WhoElse uses a proprietary, server-side recommendation engine called the Matching Engine (ME) to tabulate matches among user submissions (Queries). Both the ME itself, and the form and method of submitting the WhoElse Query, represent an unprecedented, unique, game changing way for people to communicate with each other. Right now, people can only text people they know. If you treat the people as a network, a huge marketplace emerges: everybody who has a mobile phone. And that’s just about everybody.
Our blueprint maps how the messages get sent and make a return trip to the user. In a nutshell, it takes advantage of this ability to convert the nature of an SMS message, and then do smart things with it once we get our hands on it. If you want to suffer through a slightly more technical description, here it is:
When the WhoElse user sends in a query, the ME aggregates similar queries and provides a response when there is a match. Queries are sent using SMS or voice, which is built into every mobile phone. SMS messages can only be transmitted within a network that supports SMS. So even though the protocol is the same, a given SMS message is only readable by people in the same network as the person that sent it. Typically, one mobile phone carrier will broadcast their SMS messages to other networks, so within a given country, all SMS messages are able to reach all mobile phones, but not always.

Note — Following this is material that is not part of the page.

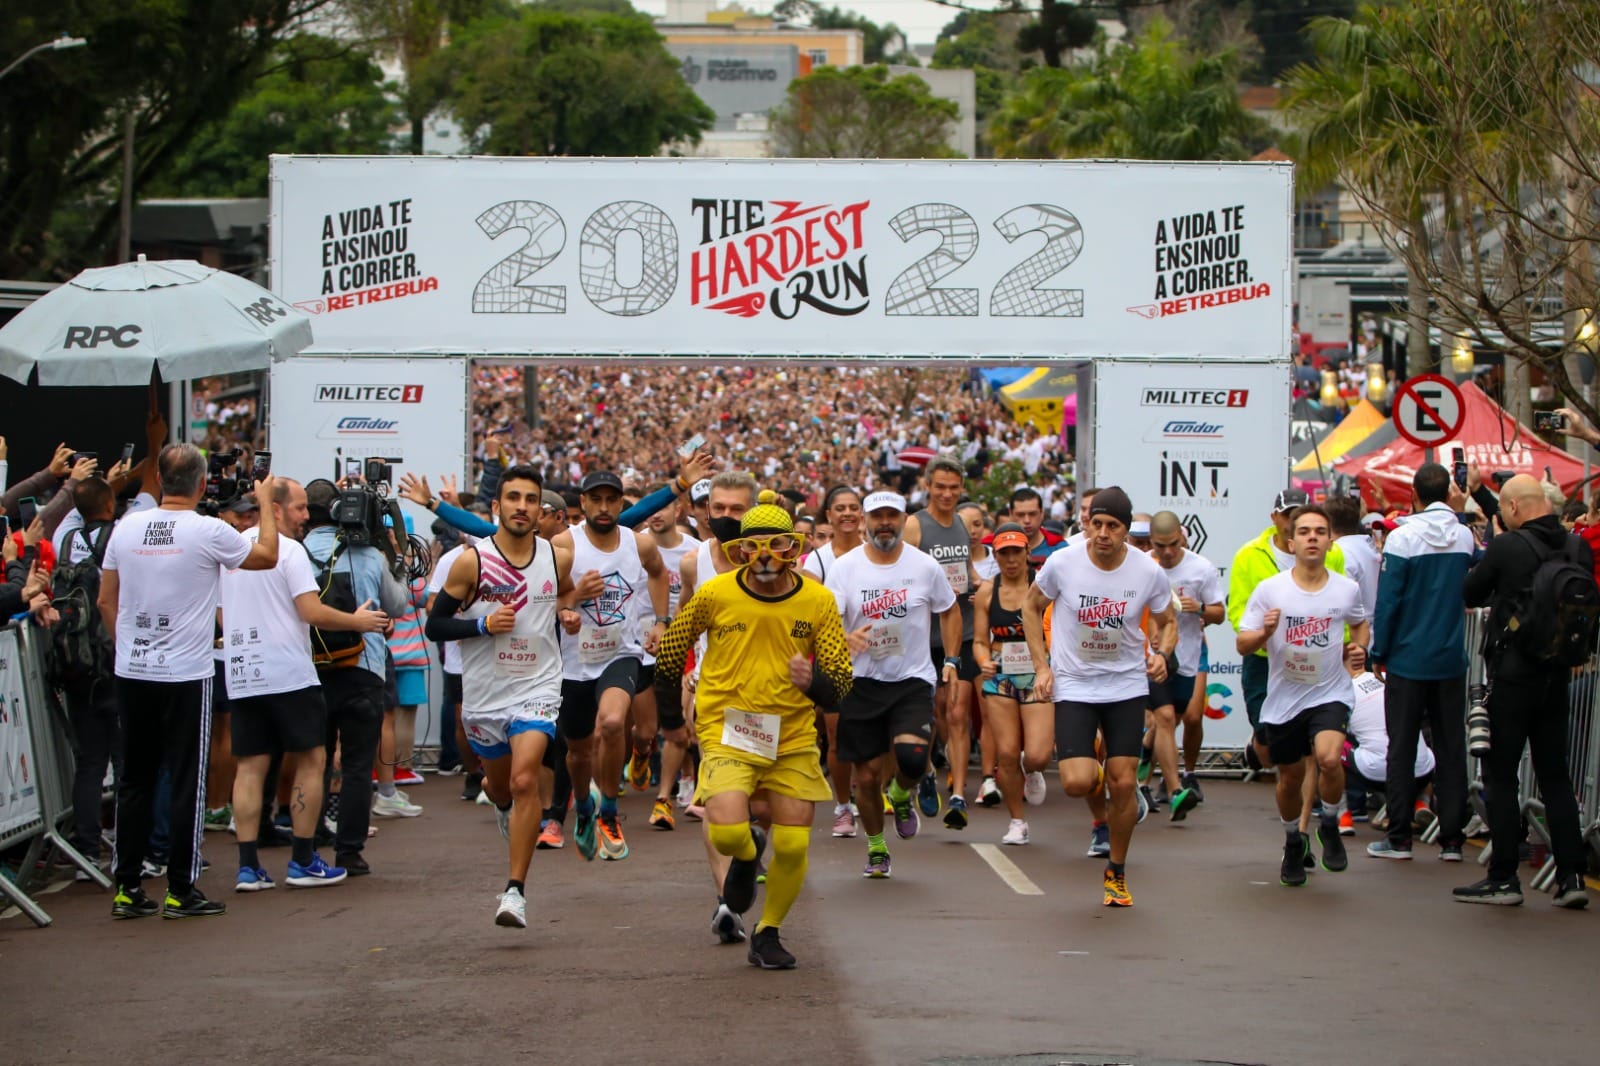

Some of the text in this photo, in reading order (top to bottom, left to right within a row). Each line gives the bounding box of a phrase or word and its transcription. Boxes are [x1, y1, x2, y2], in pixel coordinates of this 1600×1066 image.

SMS messages can also leave a given network and run over HTTP, that is, over the Internet, which is much cheaper, both in cost and bandwidth. More importantly, the Internet allows amazingly wonderful things to be done with those messages, like letting them match each other. But not many people in the developing world have ready access to the HTTP transport layer. But if the SMS message, through an SMS gateway, could reach a server on the Internet that could do smart things with that message, and send it back down the pipe, people could connect with each other without needing direct access to the Web themselves.
Once the information is sent to Who Else, it can be parsed in such a way that an entire marketplace can exist on everybody’s mobile phone. They no longer need the Internet. Messages they send simply take a brief vacation from the cellular network they originate from and will return to, spending a few precious moments on our servers.